Rabbit haemorrhagic disease or rabbit hemorrhagic disease (RHD) is a highly contagious disease that mainly affects rabbits of the Oryctolagus cuniculus species but has also been confirmed to affect various species of cottontails (Sylvilagus spp.) and hares (Lepus spp.). RHD is also known as rabbit viral haemorrhagic disease or viral hemorrhagic disease (VHD), rabbit calicivirus disease (RCD), rabbit calici-virus disease (RCVD), and viral hemorrhagic disease of rabbits (VHDR).
It is caused by the rabbit haemorrhagic disease virus or rabbit hemorrhagic disease virus (RHDV), also known as rabbit calicivirus (RCV).
Symptoms will generally manifest in three ways:
- Peracute: animals will be found dead within a few hours of eating and behaving normally. This is most common. Many rabbits with the North American RHDV2 strain will not exhibit any external hemorrhaging (e.g. blood from nose).
- Acute: affected animals will show lethargy and a heightened fever (>40°C) with an increased respiratory rate, usually passing away within 12h.
- Subacute: rabbits will show mild or subclinical signs from which they recover and become immune to further RHDV.
As the USDA writes,
The RHDV2 virus is very resistant to extreme temperatures. It can be spread through direct contact or exposure to an infected rabbit’s excretions or blood. The virus can also survive and spread from carcasses, food, water, and any contaminated materials. People can spread the virus indirectly by carrying it on their clothing and shoes.
There is no treatment or cure for RHD. Most cleaners are ineffective at killing the virus. As a result, it is highly recommended to vaccinate your rabbit for their safety if a veterinary clinic nearby offers the service.
For more resources on the disease, please check out the following:
- RHDV2.org website
- RHD articles and FAQs on House Rabbit Society website
- Rabbit hemorrhagic disease article on WabbitWiki
The following are a few Facebook groups for the most current news and resources on the disease:
In Canada, there are currently two vaccines brand effective against RHDV2 that may be available for use:
- Filavac (France) – single dose, 7 days for onset of immunity, minimum 10 weeks of age
- Eravac (Spain) – single dose, 7 days for onset of immunity, minimum 30 days of age
Currently, only areas with active RHDV2 outbreaks are allowing veterinarians to import vaccines for use.
Veterinarians in Canada offering RHDV2 vaccinations
Please inquire with your current rabbit veterinary clinic to see if they may have obtained a supply of an RHDV2 vaccine.
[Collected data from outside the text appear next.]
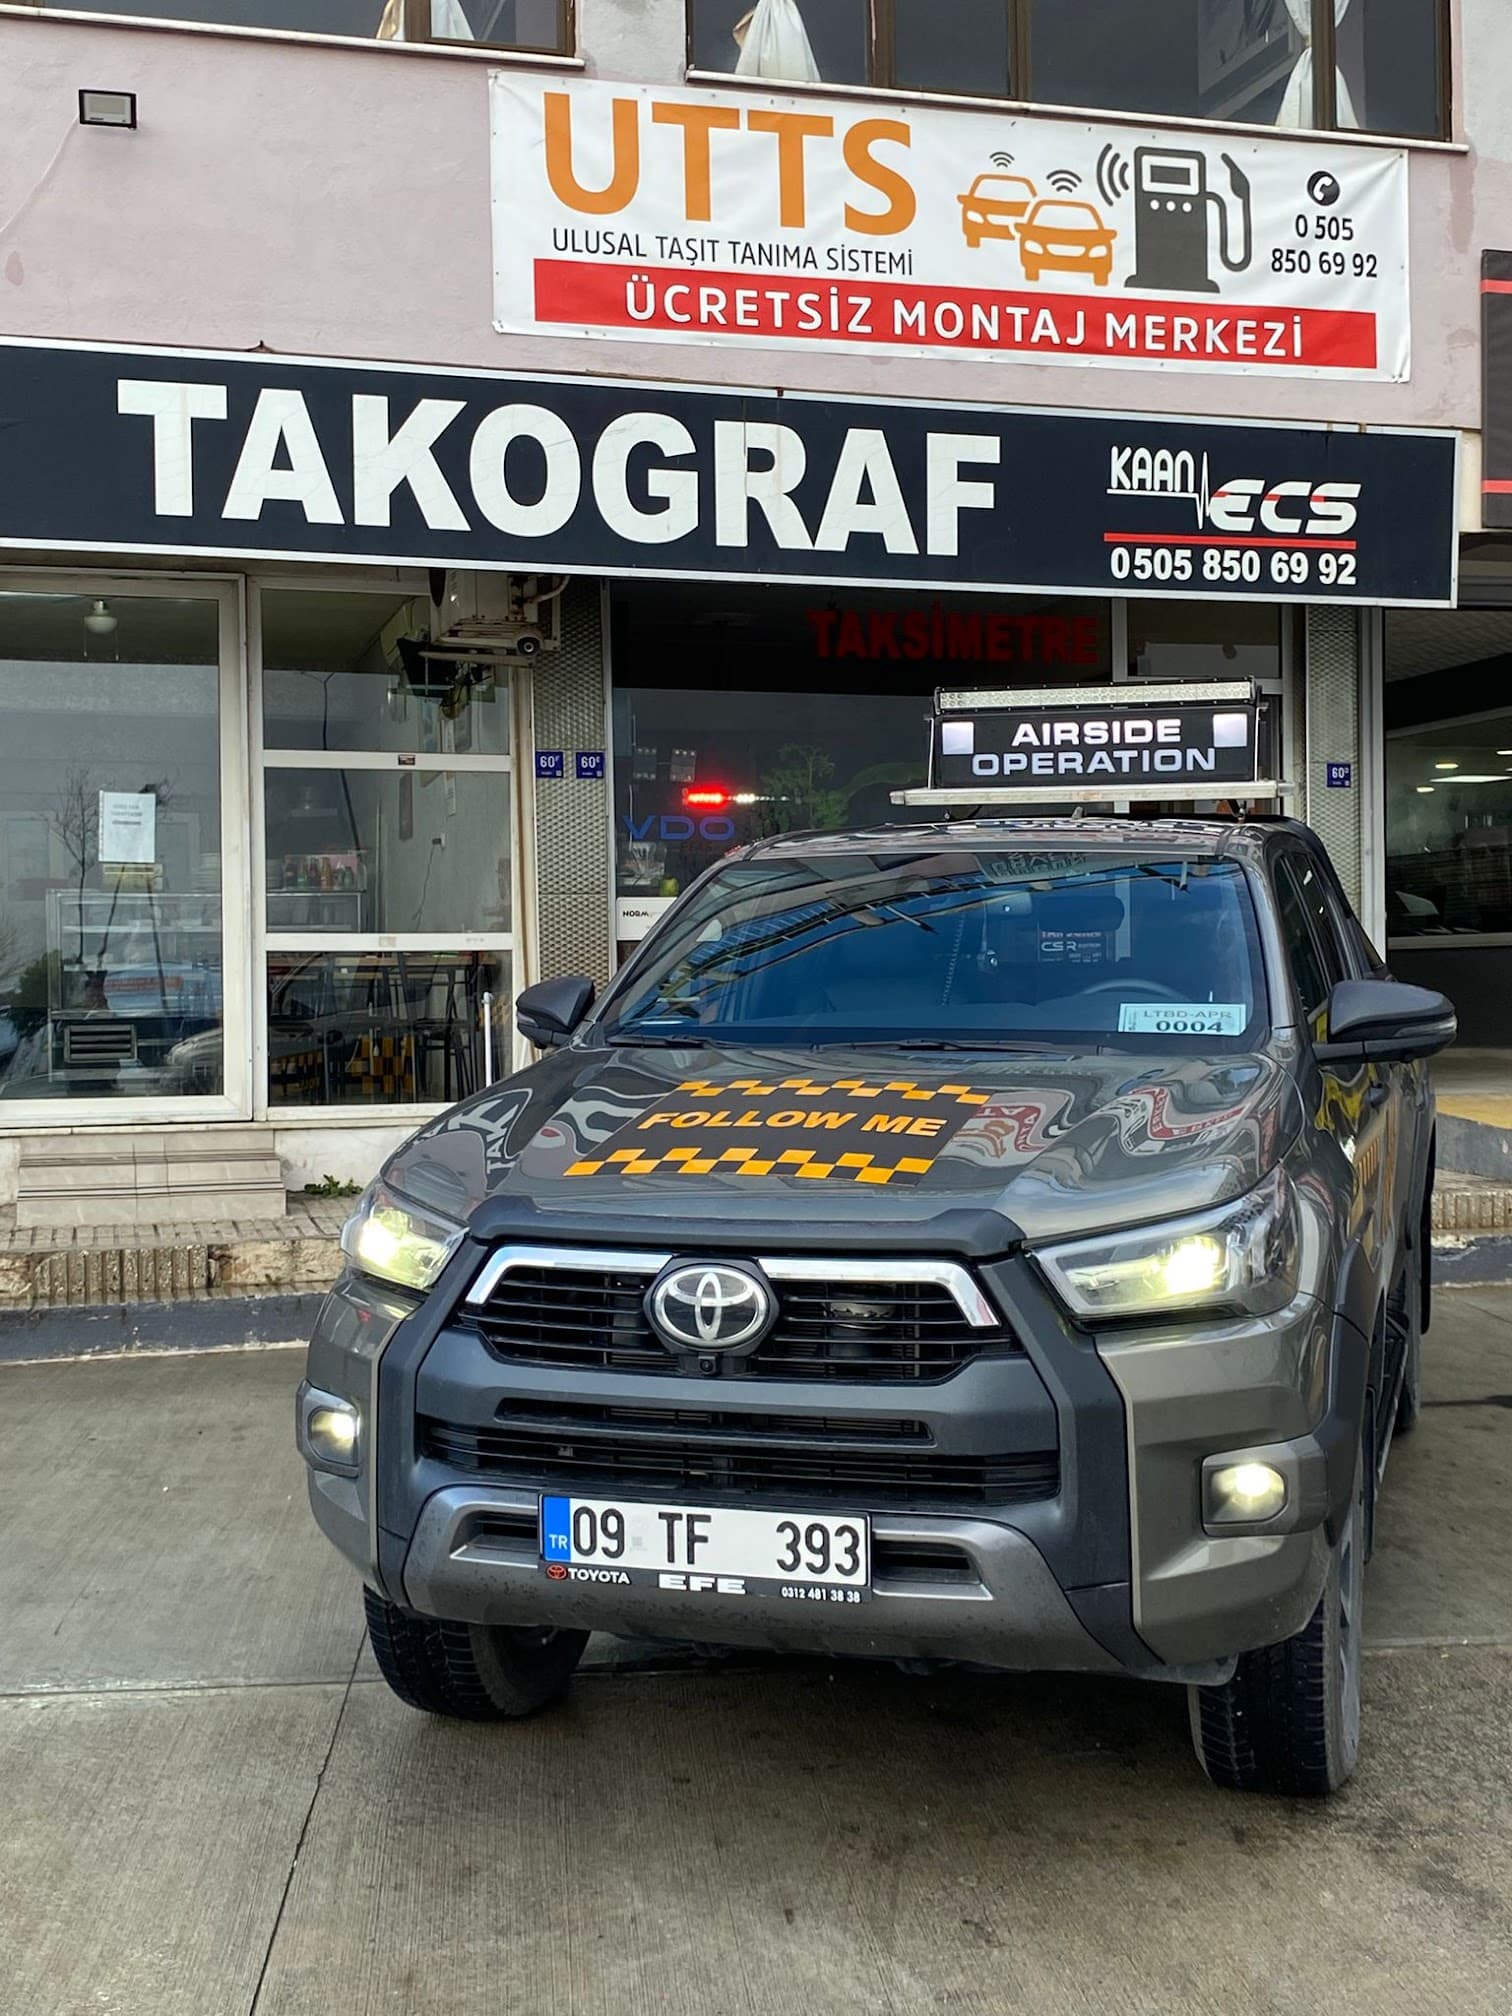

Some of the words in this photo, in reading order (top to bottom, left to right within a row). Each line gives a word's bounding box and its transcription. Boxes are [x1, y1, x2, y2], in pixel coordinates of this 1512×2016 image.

[543, 91, 917, 236] UTTS
[1295, 214, 1308, 238] 0
[1314, 215, 1354, 241] 505
[552, 227, 648, 258] ULUSAL
[655, 235, 720, 266] TAŞIT
[728, 241, 818, 270] TANIMA
[827, 244, 914, 276] SİSTEMİ
[1271, 248, 1311, 274] 850
[1318, 251, 1345, 276] 69
[1352, 253, 1378, 278] 92
[625, 274, 873, 334] ÜCRETSİZ
[893, 299, 1085, 346] MONTAJ
[1105, 312, 1303, 357] MERKEZİ
[117, 378, 1002, 558] TAKOGRAF
[1110, 446, 1195, 493] KAAN
[1209, 479, 1362, 534] ECS
[1202, 548, 1261, 582] 850
[1270, 551, 1310, 584] 69
[1318, 552, 1357, 585] 92
[807, 598, 1099, 664] TAKSİMETRE
[1011, 718, 1182, 747] AIRSIDE
[971, 747, 1216, 776] OPERATION
[622, 815, 736, 841] VDO
[1143, 1010, 1232, 1019] LTBD-APR
[1156, 1020, 1224, 1033] 0004
[637, 1110, 858, 1130] FOLLOW
[861, 1114, 948, 1137] ME
[549, 1533, 568, 1549] TR
[573, 1506, 625, 1559] 09
[658, 1511, 712, 1565] TF
[776, 1520, 860, 1577] 393
[567, 1567, 631, 1585] TOYOTA
[659, 1573, 746, 1595] EFE
[781, 1586, 805, 1599] 0312
[807, 1587, 827, 1601] 481
[830, 1589, 844, 1602] 38
[846, 1590, 860, 1603] 38
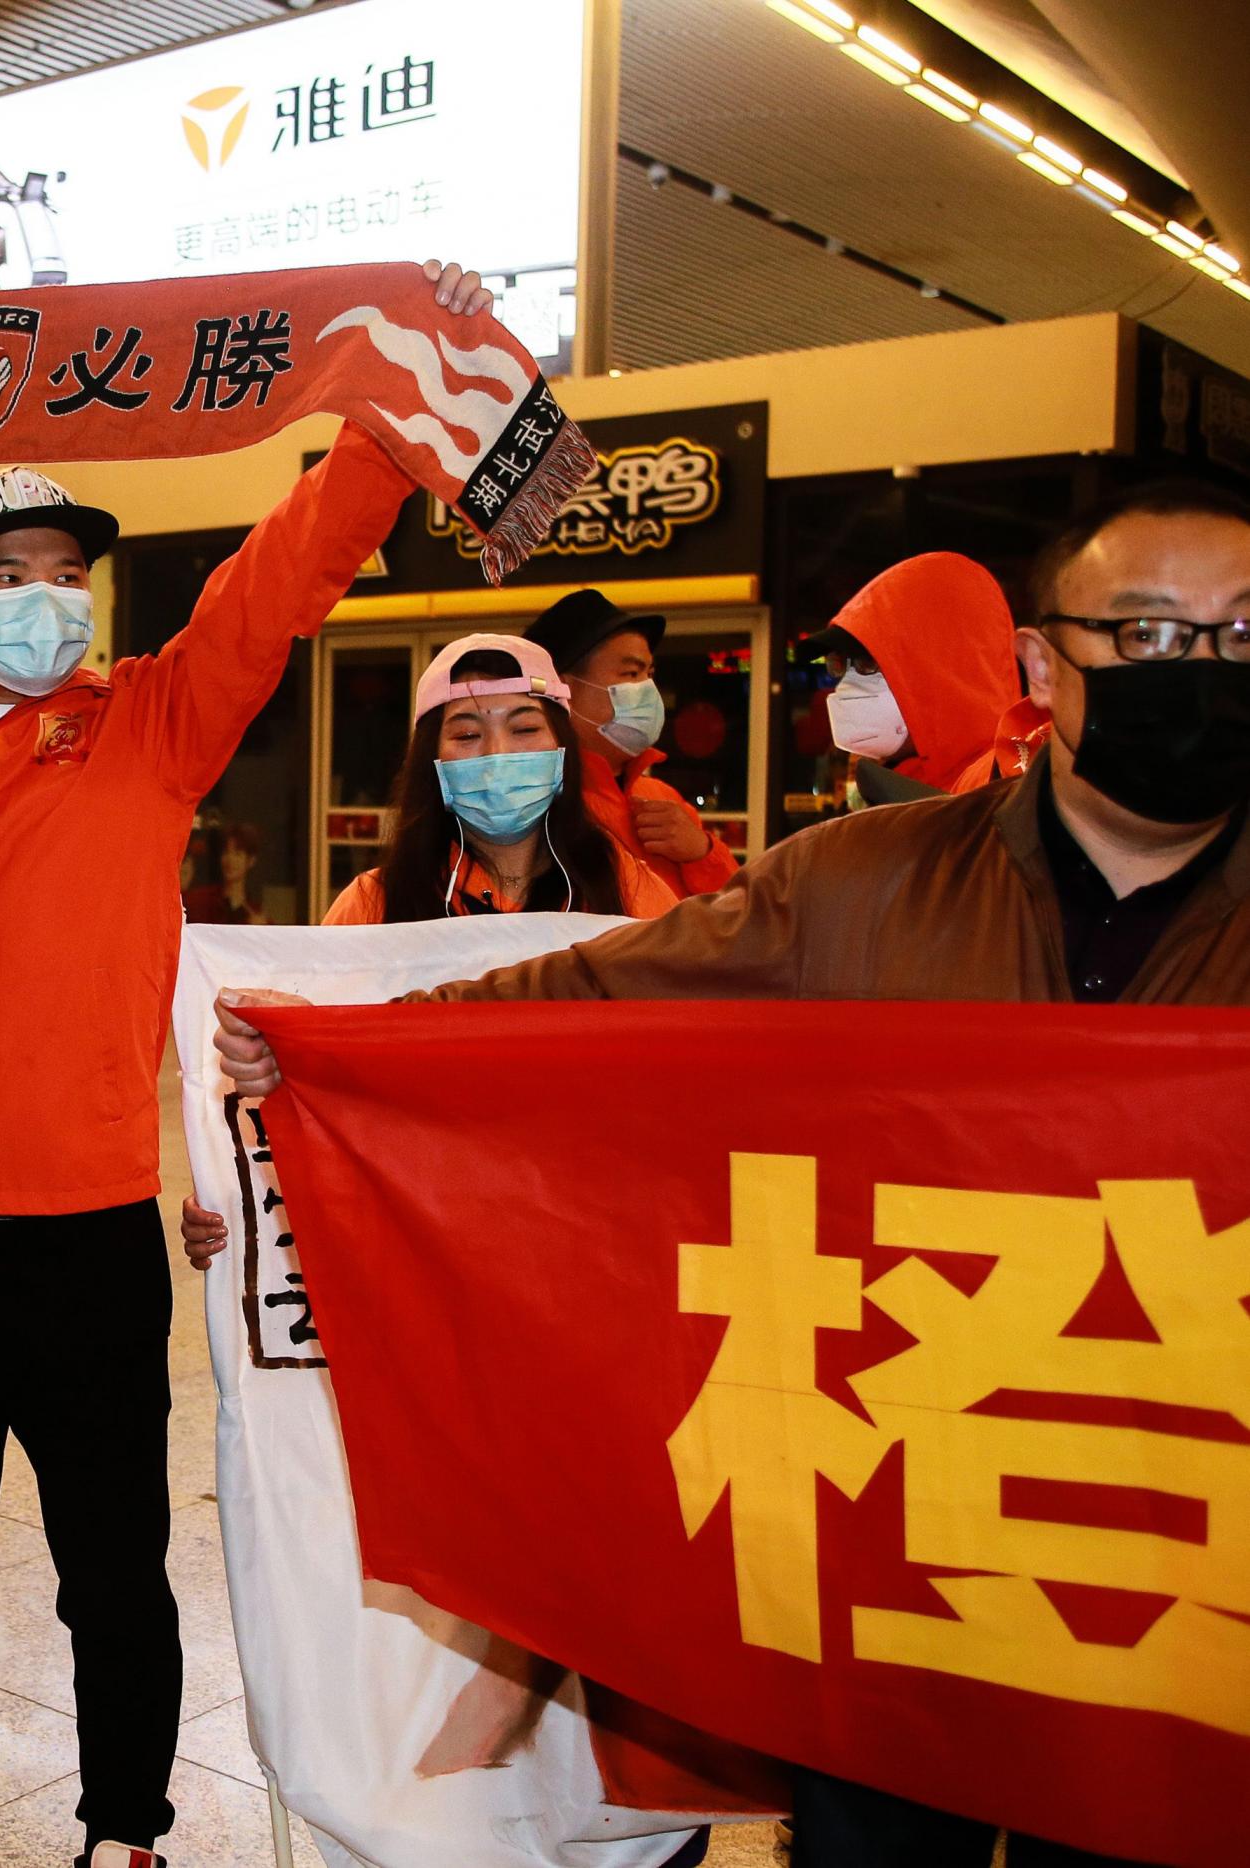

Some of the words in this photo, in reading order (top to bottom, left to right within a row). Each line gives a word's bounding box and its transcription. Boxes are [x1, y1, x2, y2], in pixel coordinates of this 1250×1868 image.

Many of the following veterinary clinics may not be accepting new clients or will require at least 2-3 weeks before an appointment is available for a new client. Some clinics may also only have limited supplies.
This information is provided only for your convenience and in no way should be considered an endorsement by the website. The following table has been compiled from reliable resources that have indicated that the listed clinics will treat rabbits. We cannot guarantee your satisfaction with any veterinarian - please call and ask your own questions before using a clinic listed below.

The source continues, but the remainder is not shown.